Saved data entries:
= = = =
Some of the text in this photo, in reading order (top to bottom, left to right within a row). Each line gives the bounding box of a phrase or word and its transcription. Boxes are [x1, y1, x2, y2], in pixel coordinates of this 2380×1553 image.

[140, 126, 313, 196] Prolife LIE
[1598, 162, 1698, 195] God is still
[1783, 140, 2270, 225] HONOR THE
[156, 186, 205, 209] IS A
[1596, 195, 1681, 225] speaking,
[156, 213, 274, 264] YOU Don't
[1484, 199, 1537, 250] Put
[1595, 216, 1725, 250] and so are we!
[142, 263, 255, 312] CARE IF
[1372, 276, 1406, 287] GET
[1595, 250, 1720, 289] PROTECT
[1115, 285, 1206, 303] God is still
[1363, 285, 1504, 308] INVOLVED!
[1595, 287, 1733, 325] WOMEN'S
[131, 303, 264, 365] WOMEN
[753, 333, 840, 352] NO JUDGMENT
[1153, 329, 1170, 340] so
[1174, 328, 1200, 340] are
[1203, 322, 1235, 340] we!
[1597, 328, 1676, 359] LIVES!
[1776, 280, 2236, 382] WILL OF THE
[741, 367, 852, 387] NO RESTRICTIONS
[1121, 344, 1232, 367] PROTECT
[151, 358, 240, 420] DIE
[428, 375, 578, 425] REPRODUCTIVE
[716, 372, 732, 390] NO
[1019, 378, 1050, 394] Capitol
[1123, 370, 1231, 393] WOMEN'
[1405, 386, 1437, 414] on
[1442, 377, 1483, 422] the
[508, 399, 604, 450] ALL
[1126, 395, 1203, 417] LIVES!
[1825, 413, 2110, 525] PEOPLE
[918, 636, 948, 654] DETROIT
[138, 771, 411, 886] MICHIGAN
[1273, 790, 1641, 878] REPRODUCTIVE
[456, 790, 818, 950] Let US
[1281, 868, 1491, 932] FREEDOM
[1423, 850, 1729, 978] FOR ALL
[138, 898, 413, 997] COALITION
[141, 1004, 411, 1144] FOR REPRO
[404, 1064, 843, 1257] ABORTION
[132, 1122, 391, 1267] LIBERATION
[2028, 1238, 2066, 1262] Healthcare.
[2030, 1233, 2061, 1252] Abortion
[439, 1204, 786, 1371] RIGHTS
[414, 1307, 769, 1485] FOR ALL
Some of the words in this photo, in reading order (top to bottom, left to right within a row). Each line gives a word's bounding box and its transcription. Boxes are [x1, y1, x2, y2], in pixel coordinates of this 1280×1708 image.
= = = =
== Task prompt ==
Only an exact copy of all the data will do as the answer.

== Exercise output ==
Some of the text in this photo, in reading order (top to bottom, left to right within a row). Each line gives the bounding box of a phrase or word and its transcription. Boxes are [x1, y1, x2, y2], in pixel coordinates of this 2380×1553 image.

[140, 126, 313, 196] Prolife LIE
[1598, 162, 1698, 195] God is still
[1783, 140, 2270, 225] HONOR THE
[156, 186, 205, 209] IS A
[1596, 195, 1681, 225] speaking,
[156, 213, 274, 264] YOU Don't
[1484, 199, 1537, 250] Put
[1595, 216, 1725, 250] and so are we!
[142, 263, 255, 312] CARE IF
[1372, 276, 1406, 287] GET
[1595, 250, 1720, 289] PROTECT
[1115, 285, 1206, 303] God is still
[1363, 285, 1504, 308] INVOLVED!
[1595, 287, 1733, 325] WOMEN'S
[131, 303, 264, 365] WOMEN
[753, 333, 840, 352] NO JUDGMENT
[1153, 329, 1170, 340] so
[1174, 328, 1200, 340] are
[1203, 322, 1235, 340] we!
[1597, 328, 1676, 359] LIVES!
[1776, 280, 2236, 382] WILL OF THE
[741, 367, 852, 387] NO RESTRICTIONS
[1121, 344, 1232, 367] PROTECT
[151, 358, 240, 420] DIE
[428, 375, 578, 425] REPRODUCTIVE
[716, 372, 732, 390] NO
[1019, 378, 1050, 394] Capitol
[1123, 370, 1231, 393] WOMEN'
[1405, 386, 1437, 414] on
[1442, 377, 1483, 422] the
[508, 399, 604, 450] ALL
[1126, 395, 1203, 417] LIVES!
[1825, 413, 2110, 525] PEOPLE
[918, 636, 948, 654] DETROIT
[138, 771, 411, 886] MICHIGAN
[1273, 790, 1641, 878] REPRODUCTIVE
[456, 790, 818, 950] Let US
[1281, 868, 1491, 932] FREEDOM
[1423, 850, 1729, 978] FOR ALL
[138, 898, 413, 997] COALITION
[141, 1004, 411, 1144] FOR REPRO
[404, 1064, 843, 1257] ABORTION
[132, 1122, 391, 1267] LIBERATION
[2028, 1238, 2066, 1262] Healthcare.
[2030, 1233, 2061, 1252] Abortion
[439, 1204, 786, 1371] RIGHTS
[414, 1307, 769, 1485] FOR ALL
Some of the words in this photo, in reading order (top to bottom, left to right within a row). Each line gives a word's bounding box and its transcription. Boxes are [x1, y1, x2, y2], in pixel coordinates of this 1280×1708 image.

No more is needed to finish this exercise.